These three points create a depressing circle that steals God’s glory and makes our celebration of Christmas impotent to please the Lord.
When we remove God from Christmas, we will inevitably exalt elements of Christmas divorced from God’s purposes, and each of those elements will be spent on my own joy versus Christ’s.
So how do we break the cycle? How can we know for certain that God is glorified by our Christmas celebration?
He must have the preeminence.
So, let’s talk about giving God first pace.
1. We must prepare our hearts to worship God.
Self worship — otherwise known as idolatry and spiritual adultery — is our natural, sinful bent. We must be intentional in order to worship God as we should.

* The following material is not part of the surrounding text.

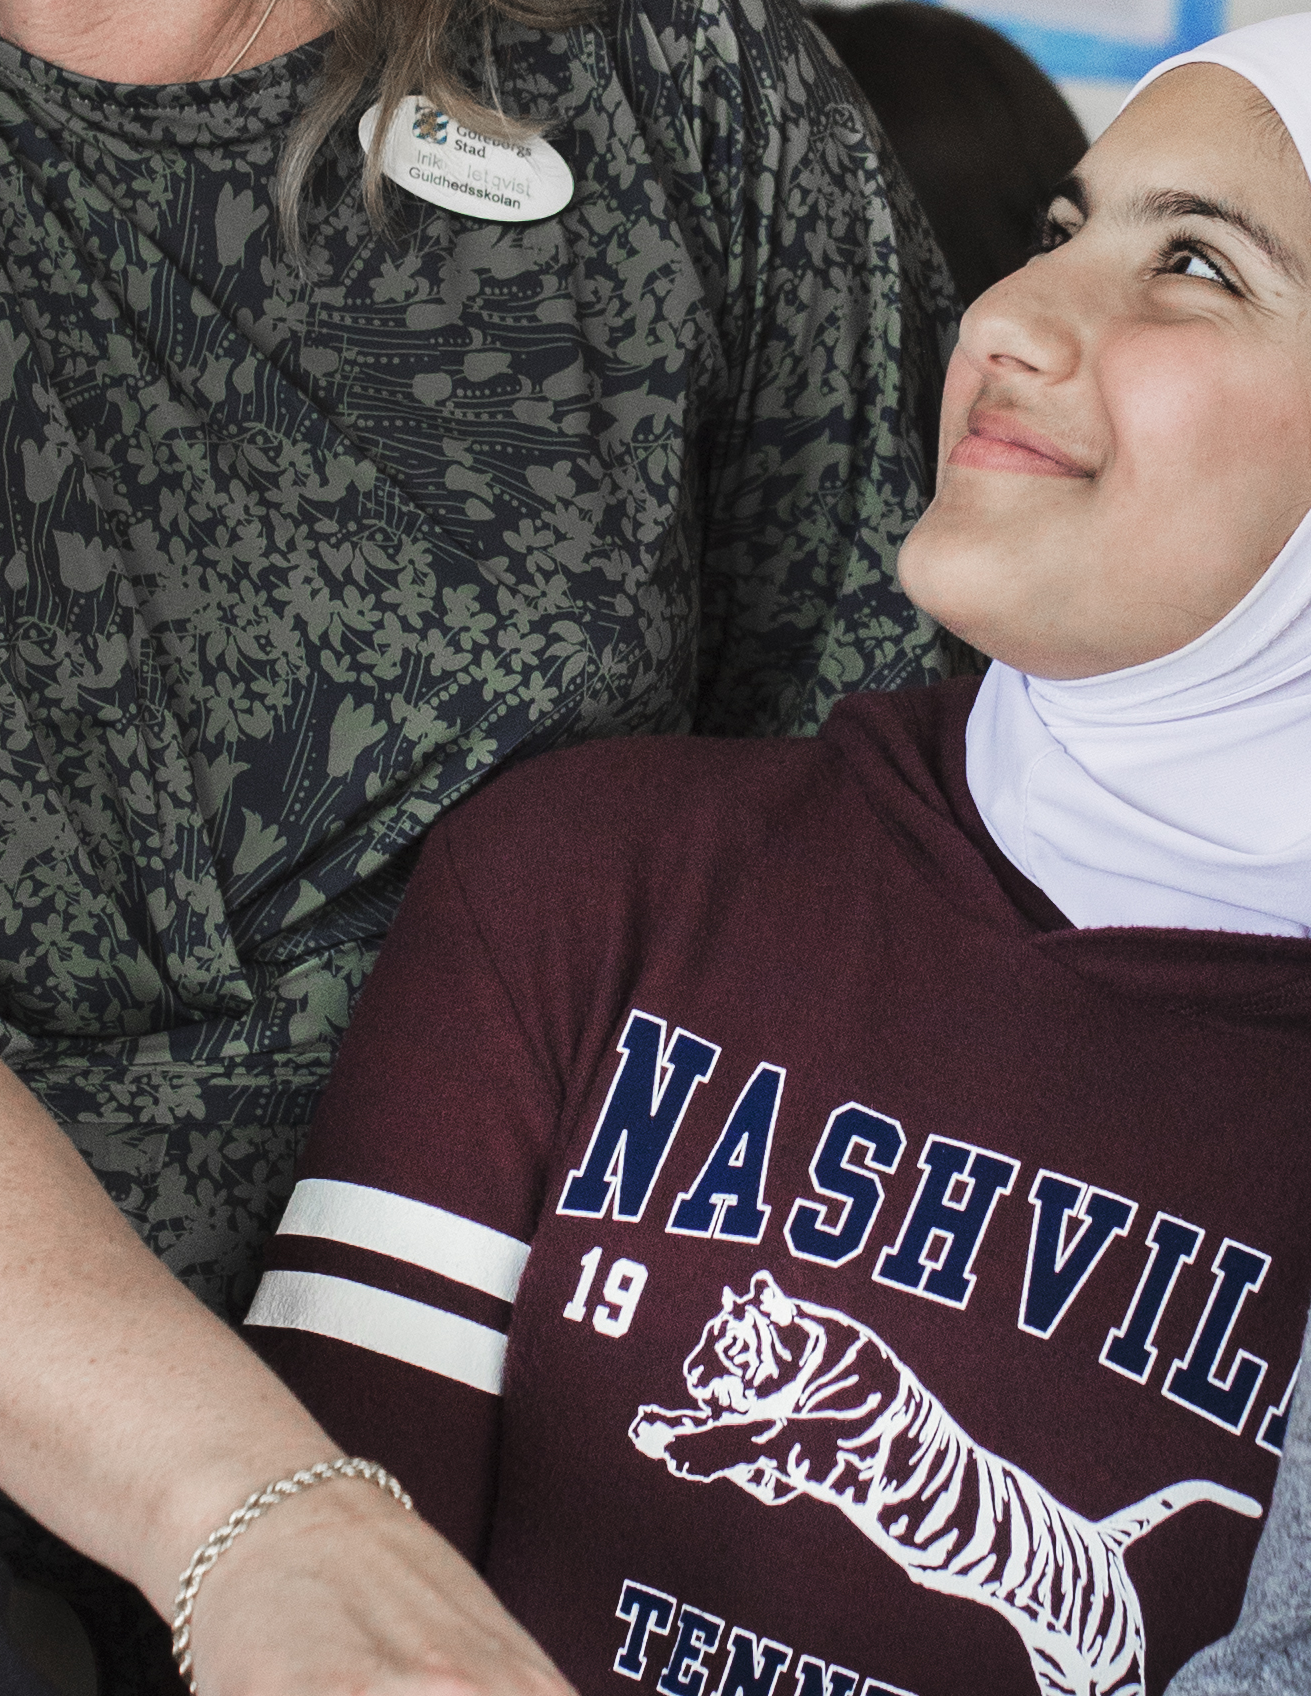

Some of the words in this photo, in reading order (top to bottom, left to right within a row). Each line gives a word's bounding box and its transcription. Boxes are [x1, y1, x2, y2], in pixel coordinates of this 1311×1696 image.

The single best way to prepare our minds to worship God during Christmas is to worship God leading up to Christmas.
Imagine this. What if tomorrow you weren’t allowed to check your social media at all. No Facebook, no Instagram, no Pinterest, no Twitter, no Parler . . . nothing.
Many of your would struggle with that.
Why? Because you have a habit. Your instinctual response will be to pick up your phone and check social media tomorrow.
Well, now apply that to our worship of God. If you worship the Lord every day from December 1st through December 24th, I think you’re going to have a much harder time not worshipping Him on the 25th.
There are three main ways God wants us to worship Him today.
A. We must study the Bible.
II Timothy 3:16 tells us that the Bible was given to us that we may be equipped for every good work. We might say, “equipped to worship God.”
B. We must pray.
I’m looking forward to our future series on prayer and it’s part in The Celebration of God. Prayer is so incredibly important, and many of us don’t know what we’re missing.
C. We must obey.
When you encounter something in the Bible — let’s call it a “good work — then we need to do that work. We need to submit to Christ and obey His commands. If we love Him, we’ll keep His commandments.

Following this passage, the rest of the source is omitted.